TASK ITEM –
Transcribe the records that follow exactly. Skip the pictures.

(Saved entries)
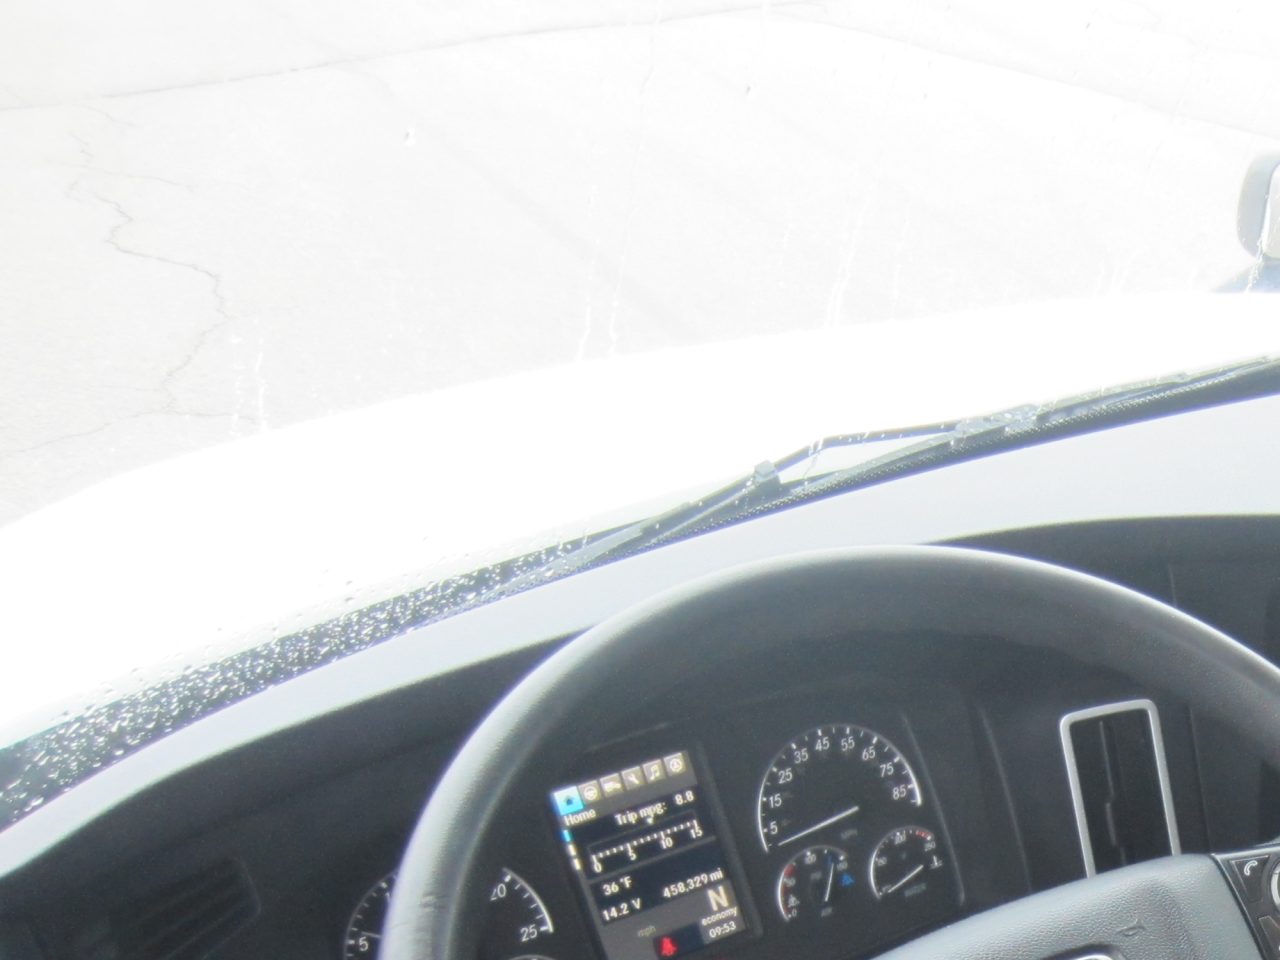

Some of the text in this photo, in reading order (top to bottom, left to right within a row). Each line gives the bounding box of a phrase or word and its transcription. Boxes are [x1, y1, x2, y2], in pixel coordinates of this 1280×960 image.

[815, 737, 830, 751] 45
[841, 736, 855, 751] 55
[794, 749, 809, 764] 35
[862, 747, 876, 761] 65
[778, 768, 793, 784] 25
[880, 763, 894, 777] 75
[893, 786, 906, 800] 85
[615, 790, 695, 826] Trip mpg: 8.8
[769, 794, 782, 808] 15
[564, 809, 597, 826] Home
[690, 828, 703, 839] 15
[770, 822, 778, 835] 5
[660, 836, 674, 850] 10
[628, 851, 637, 861] 5
[593, 861, 603, 873] 0
[603, 881, 620, 896] 36
[663, 867, 724, 898] 458,329 mi
[707, 885, 729, 912] N
[602, 898, 642, 922] 14.2 V
[701, 906, 738, 927] economy
[520, 924, 538, 942] 25
[709, 921, 737, 939] 09:53
[358, 936, 369, 951] 5
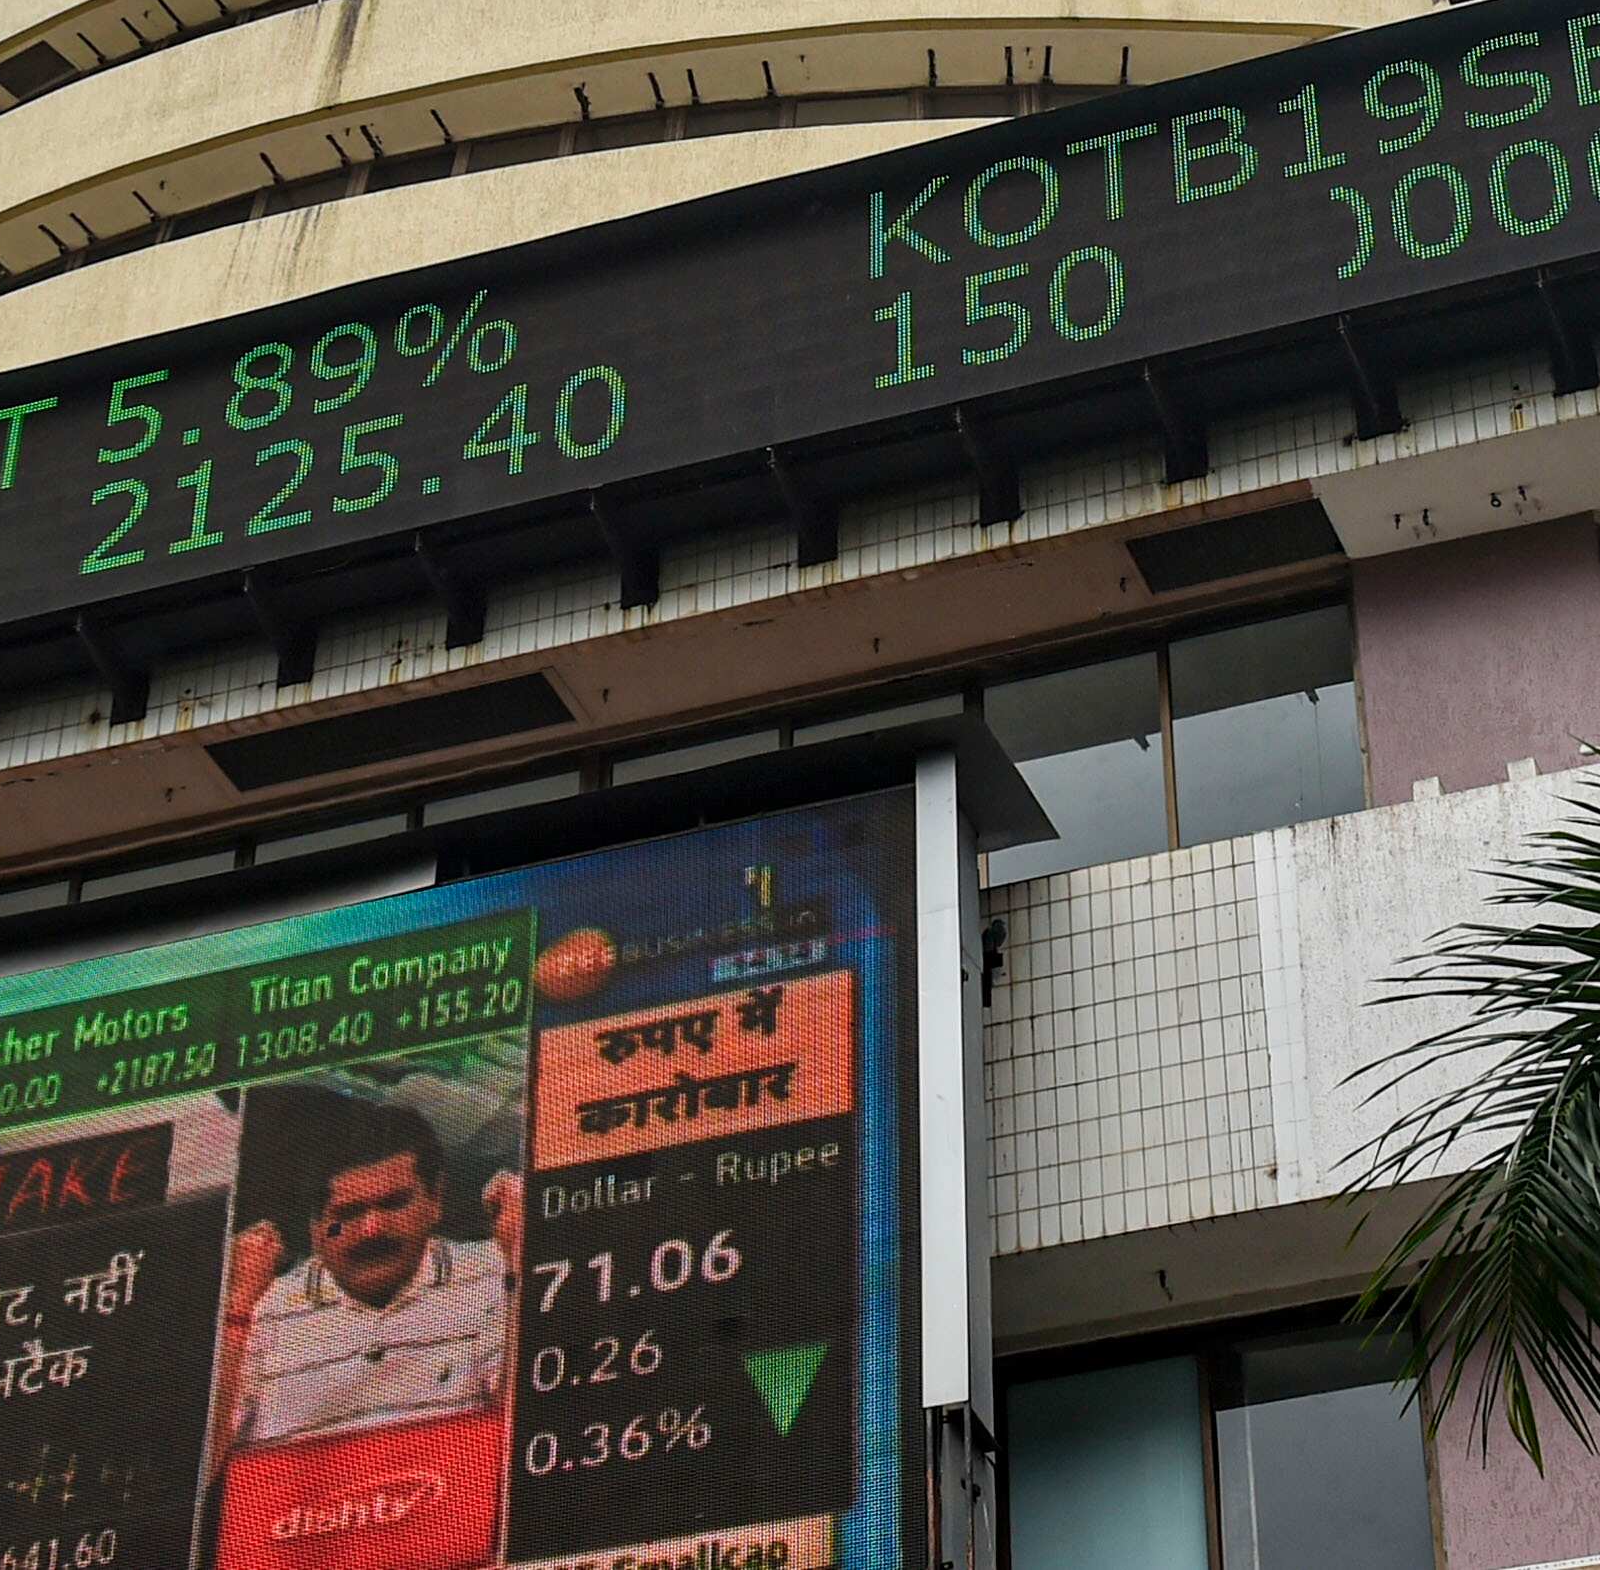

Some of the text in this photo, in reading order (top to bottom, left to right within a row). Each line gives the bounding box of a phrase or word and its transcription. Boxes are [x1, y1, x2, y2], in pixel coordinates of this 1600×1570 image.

WRITTEN SOLUTION –
Some of the text in this photo, in reading order (top to bottom, left to right within a row). Each line gives the bounding box of a phrase or word and its transcription. Boxes are [x1, y1, x2, y2], in pixel coordinates of this 1280×960 image.

[815, 737, 830, 751] 45
[841, 736, 855, 751] 55
[794, 749, 809, 764] 35
[862, 747, 876, 761] 65
[778, 768, 793, 784] 25
[880, 763, 894, 777] 75
[893, 786, 906, 800] 85
[615, 790, 695, 826] Trip mpg: 8.8
[769, 794, 782, 808] 15
[564, 809, 597, 826] Home
[690, 828, 703, 839] 15
[770, 822, 778, 835] 5
[660, 836, 674, 850] 10
[628, 851, 637, 861] 5
[593, 861, 603, 873] 0
[603, 881, 620, 896] 36
[663, 867, 724, 898] 458,329 mi
[707, 885, 729, 912] N
[602, 898, 642, 922] 14.2 V
[701, 906, 738, 927] economy
[520, 924, 538, 942] 25
[709, 921, 737, 939] 09:53
[358, 936, 369, 951] 5

Some of the text in this photo, in reading order (top to bottom, left to right within a row). Each line gives the bounding box of a phrase or word and its transcription. Boxes are [x1, y1, x2, y2], in pixel coordinates of this 1600×1570 image.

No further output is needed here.